It was announced on TV3 news just now that the SPM n STPM results will be out next Monday, 12th March 2007. For those who have kids, relatives and siblings that sat for the paper last year, I wish them luck.
I am more interested to find out the English results as after reading this article from Star, I am worried about the future of our kids.
Poor English impedes lessons
MANY students are already weak in Mathematics and Science.
Teaching these two subjects in English, a subject most students are poor in, only compounds the difficulty they have in understanding the subjects.
And it certainly does not help when nearly 60% of Maths and Science teachers are not fluent in communicating in English, while only 45% of them are comfortable teaching in the language.
These findings are some of the results from a research project conducted last year by Prof Datin Dr Juriah Long and her team from Universiti Kebangsaan Malaysia’s Education Faculty.
Their objectives were to obtain information on the teaching of Maths and Science in English within the context of Malaysia’s diverse student population, and to gauge the effectiveness of this policy.
Commissioned by Dewan Bahasa dan Pustaka, the study involved 8,886 individuals from 242 schools in the country.
Divided into three categories, the participants included 1,650 school administrators, Maths and Science panel heads and teachers, as well as 7,236 Form Two students.
The study shows that there is a clear schism between the background of students who are comfortable learning the two subjects in English, compared with those who have difficulty understanding the lessons.
Not surprisingly, non-Malay students from urban areas with a high socio-economic background generally prefer learning Maths and Science in English.
Rural Malay students from national schools and coming from low-income families show the most concern over their difficulty in understanding those subjects in English.
These findings were reflected in the test scores for the 2004 mid-year Maths and Science exams for the Form Two students.
Students who prefer learning the subjects in English obtained higher results for both the subjects, compared with their compatriots.
About 95% of students feel they are not using English fully in their Maths and Science lessons, neither are they psychologically prepared to study those two subjects in English.
Almost half of them are worried over their difficulty in understanding the lessons, as well as their ability to answer exam questions in English.
The study also showed that while over three-quarters of Science teachers and two-thirds of Maths teachers are specialised in their field, their Sijil Pelajaran Malaysia (SPM) score for English was generally poor.
Less than 40% of teachers are able to effectively teach in English, although nearly 80% of them claim they are psychologically prepared to improve their teaching of Maths and Science in English.
Only slightly more than half were confident and enjoy teaching both subjects in English.
A good majority of the Maths and Science teachers involved in the study had attended courses relating to the policy, including curriculum-orientation and software.

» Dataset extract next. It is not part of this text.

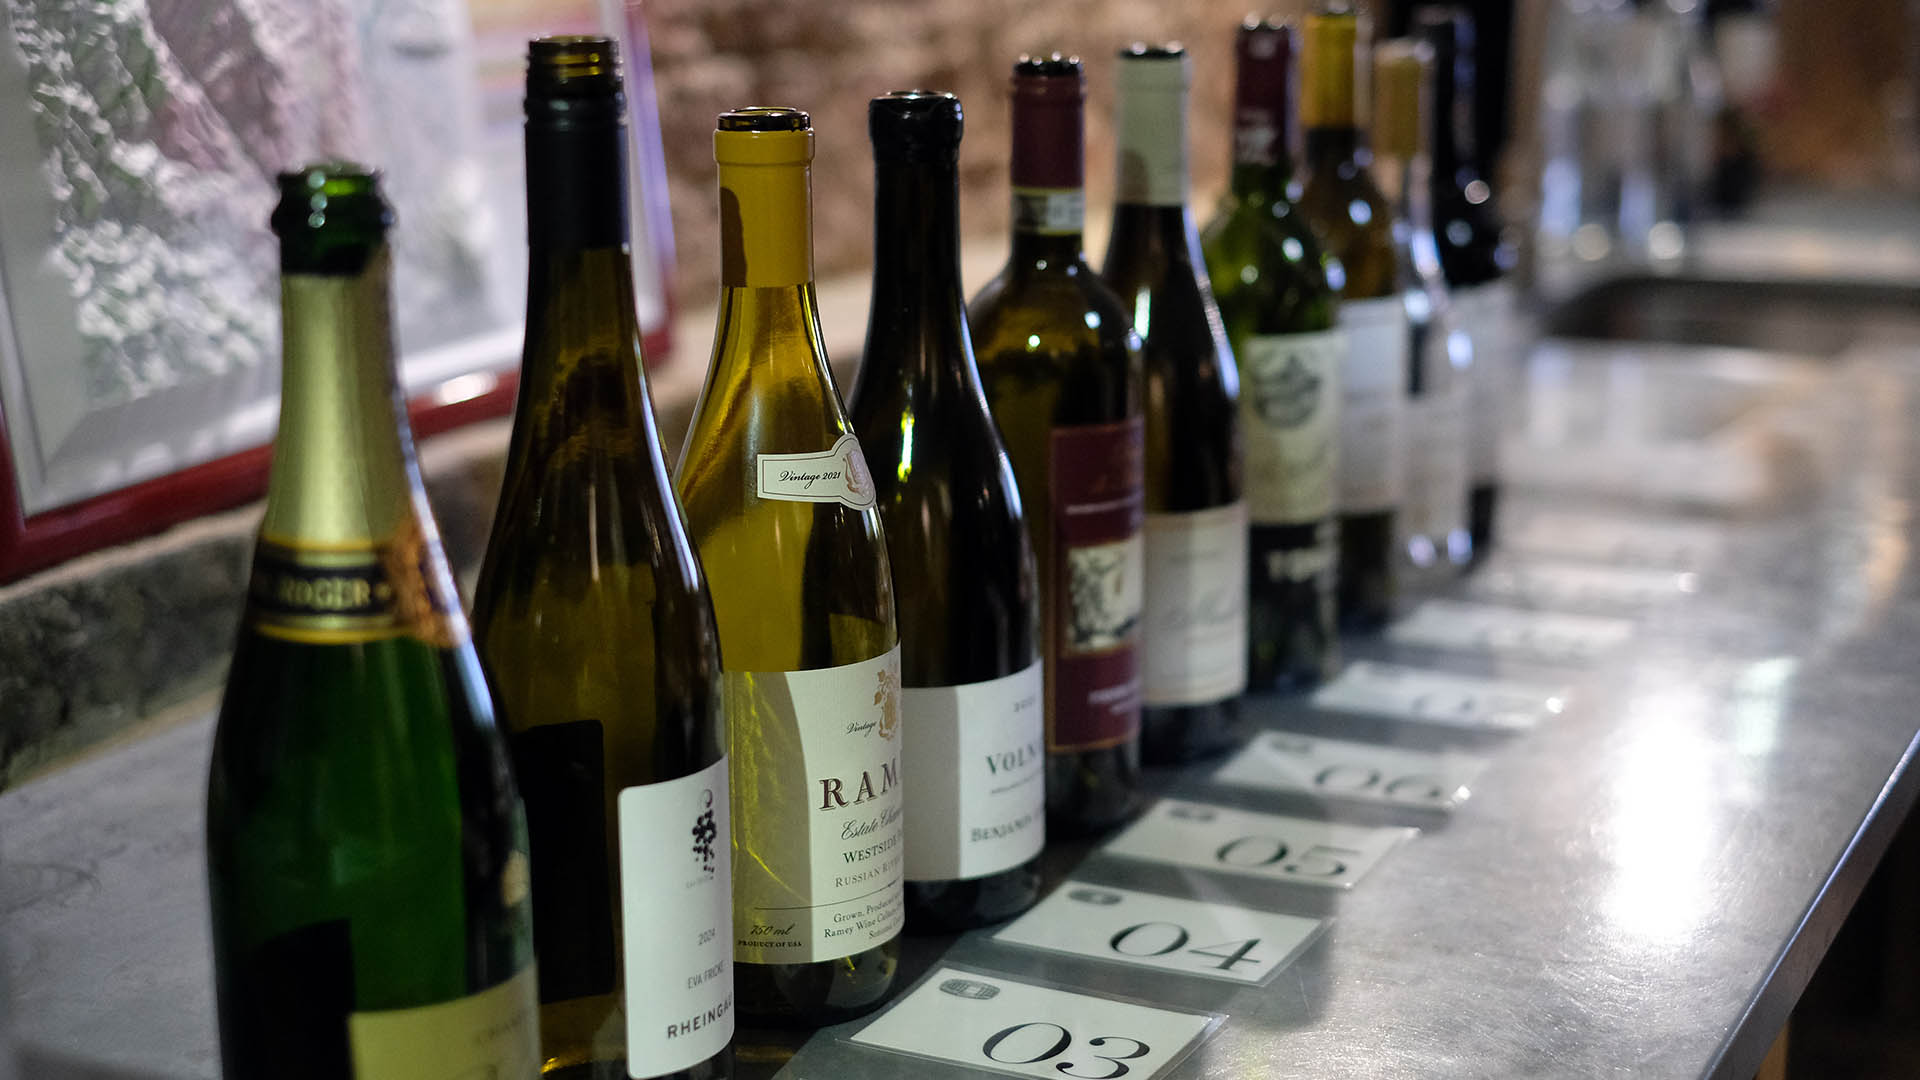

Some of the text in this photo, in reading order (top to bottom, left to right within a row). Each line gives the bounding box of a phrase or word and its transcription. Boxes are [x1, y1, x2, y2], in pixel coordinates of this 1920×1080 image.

Between 51% and 63% of Maths and Science teachers agree that the courses they attended and the buddy system, where they are paired up with an English teacher who assists them in terms of language, was a good approach.

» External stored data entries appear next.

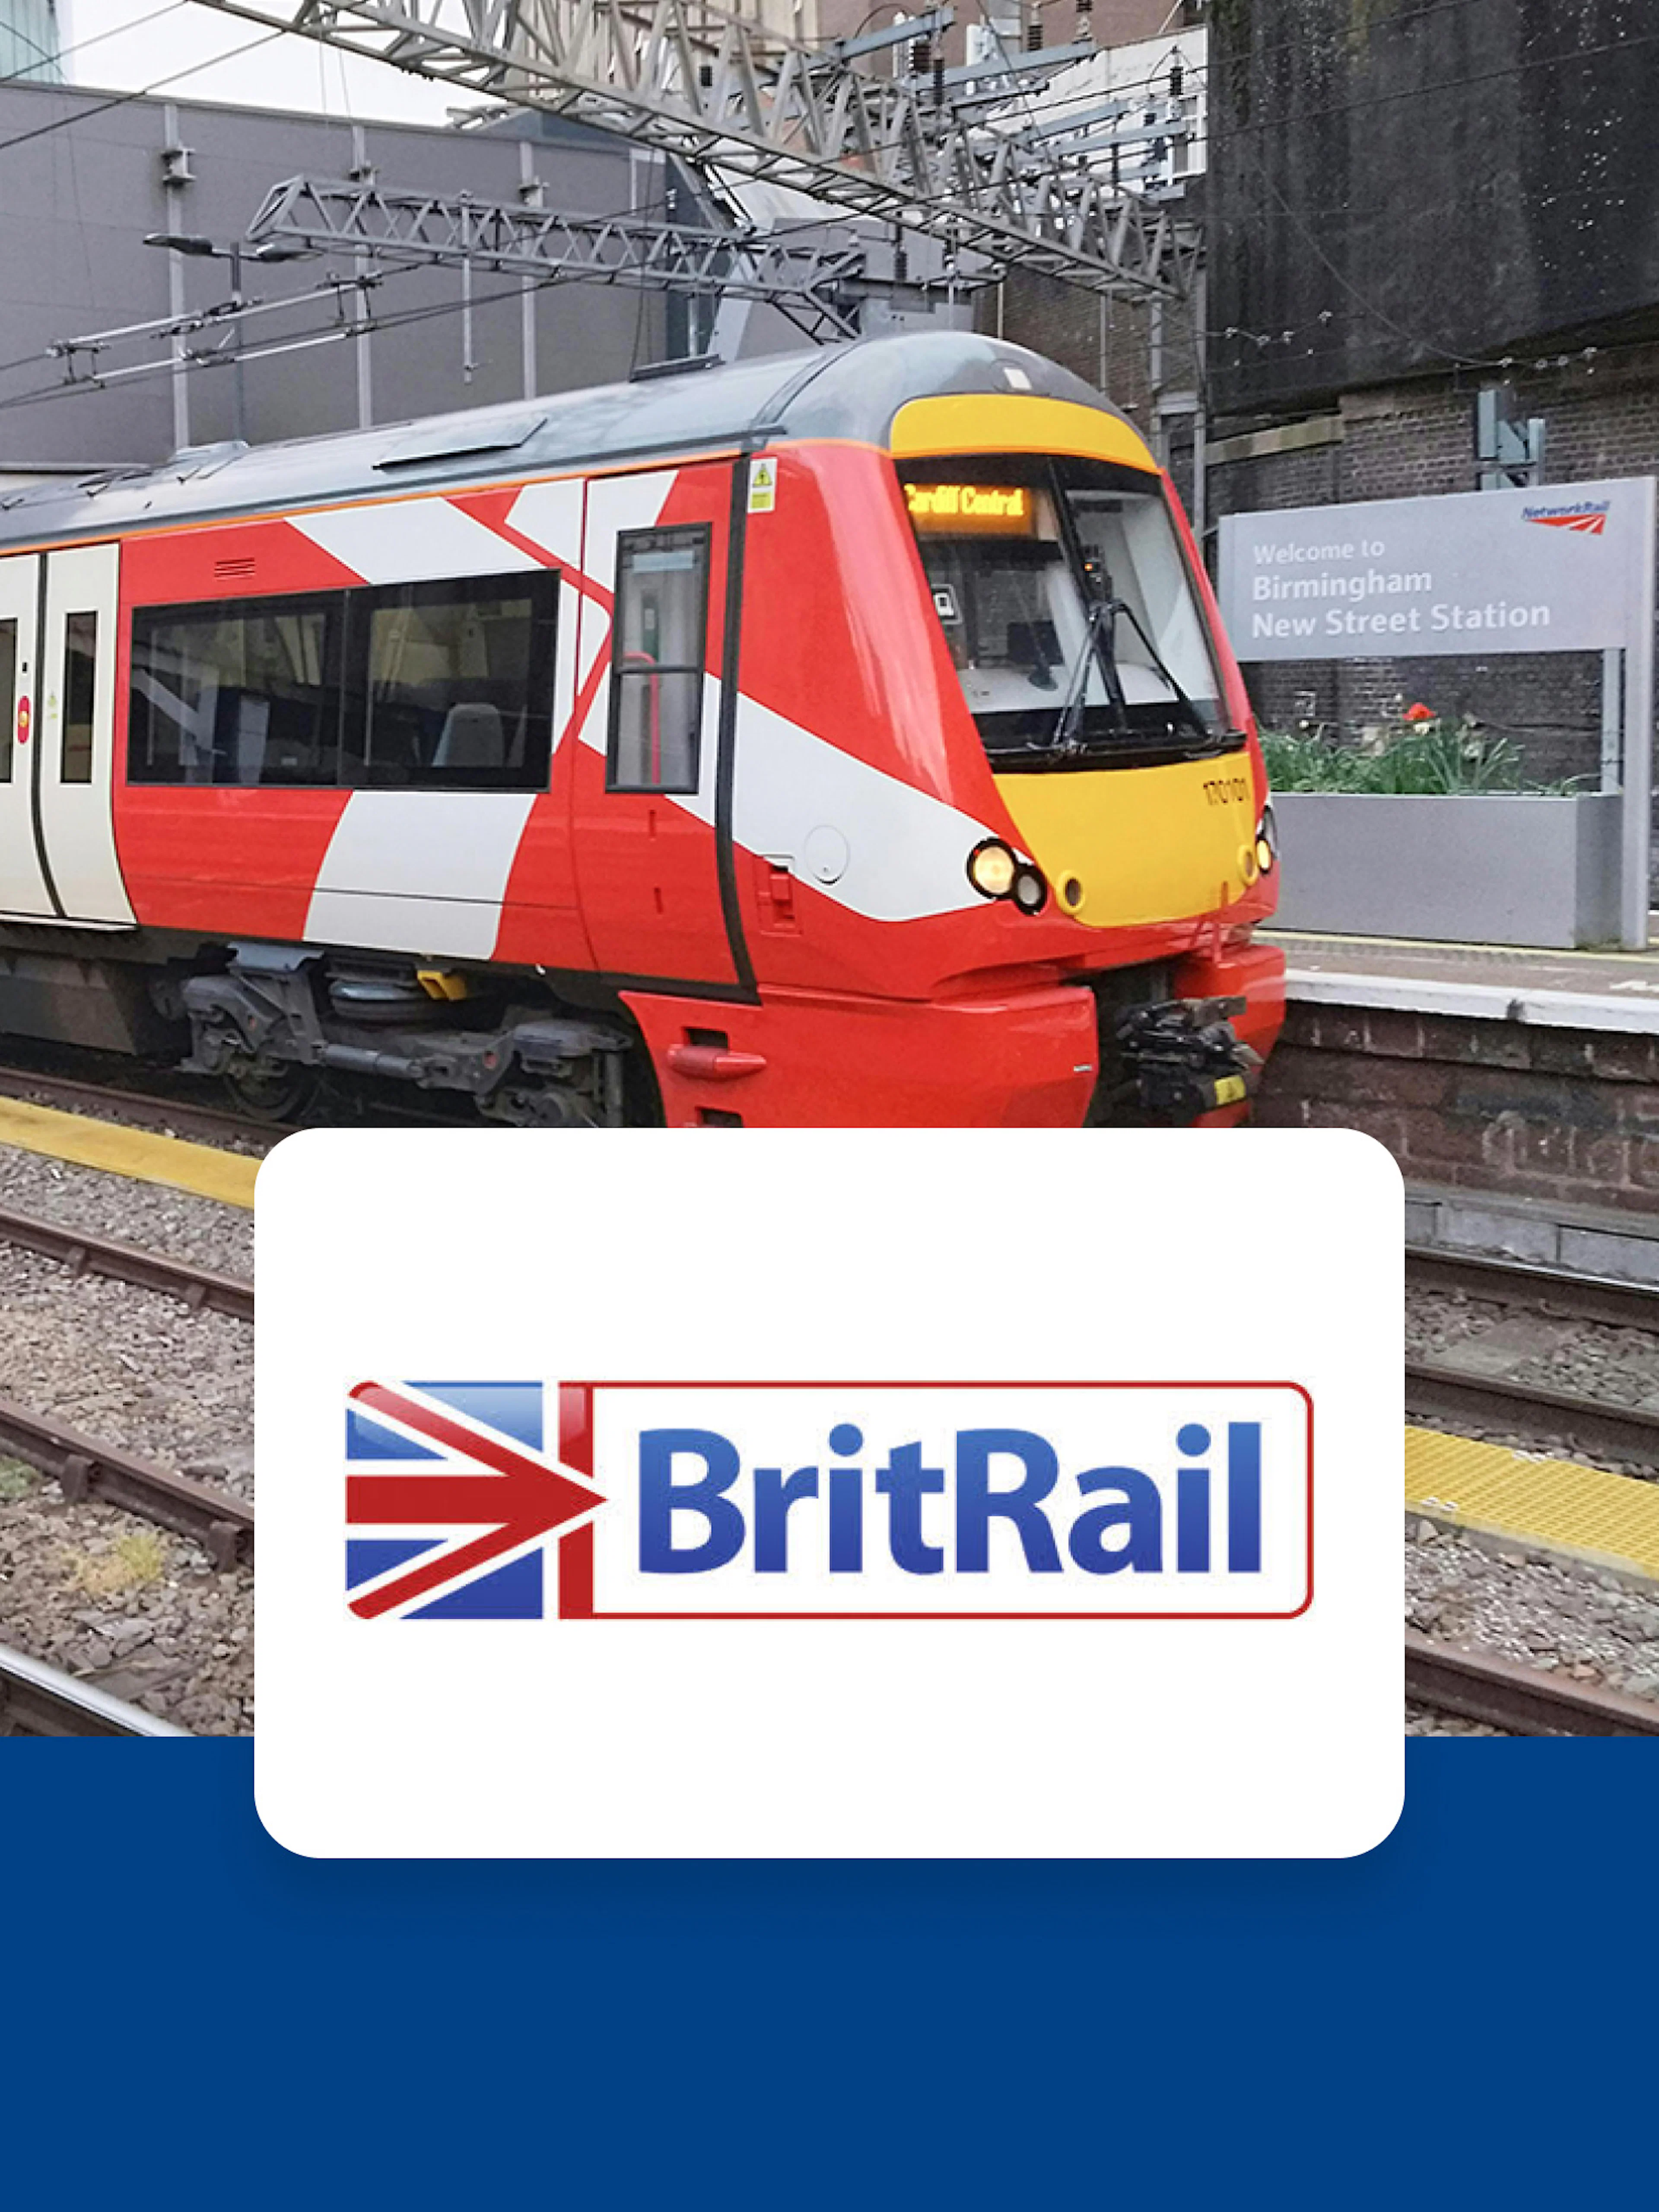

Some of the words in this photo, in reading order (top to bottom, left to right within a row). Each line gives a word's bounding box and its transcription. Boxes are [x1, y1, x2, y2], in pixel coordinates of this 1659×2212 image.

[962, 486, 1023, 515] Central
[1254, 542, 1354, 564] Welcome
[1362, 540, 1385, 558] to
[1254, 568, 1432, 602] Birmingham
[1254, 612, 1317, 638] New
[1325, 609, 1421, 635] Street
[1431, 601, 1550, 631] Station

Based on the data collected from teachers, there are five main problems in the implementation of teaching Maths and Science in English.
They are: students’ command of English, their method of learning, teachers’ method of teaching, equipment and mismatch between the implementation of the teaching of Maths and Science in English and the National Education Policy.
Among the recommendations of the study were that teachers be allowed to conduct Maths and Science lessons bilingually, especially in lower secondary classes, so that students can acquire a solid foundation in the subjects through their first language.
For students who are clearly disadvantaged in the implementation of this policy, motivational programmes in the form of English language camps and student exchange programmes should be conducted to help them improve their English language skills.
In addition, it was suggested that the Education Ministry should give these students an opportunity to continue studying Maths and Science in Bahasa Malaysia right up to the tertiary level, so that they may master the two subjects effectively.
The study concluded that the implementation of the teaching of Maths and Science in English was done in a hurried manner without proper in-depth study of the strengths and weaknesses of the policy.
The findings show that there is a mismatch between the objective and the implementation of the policy, which may result in disadvantaged students missing out on equal access to quality education.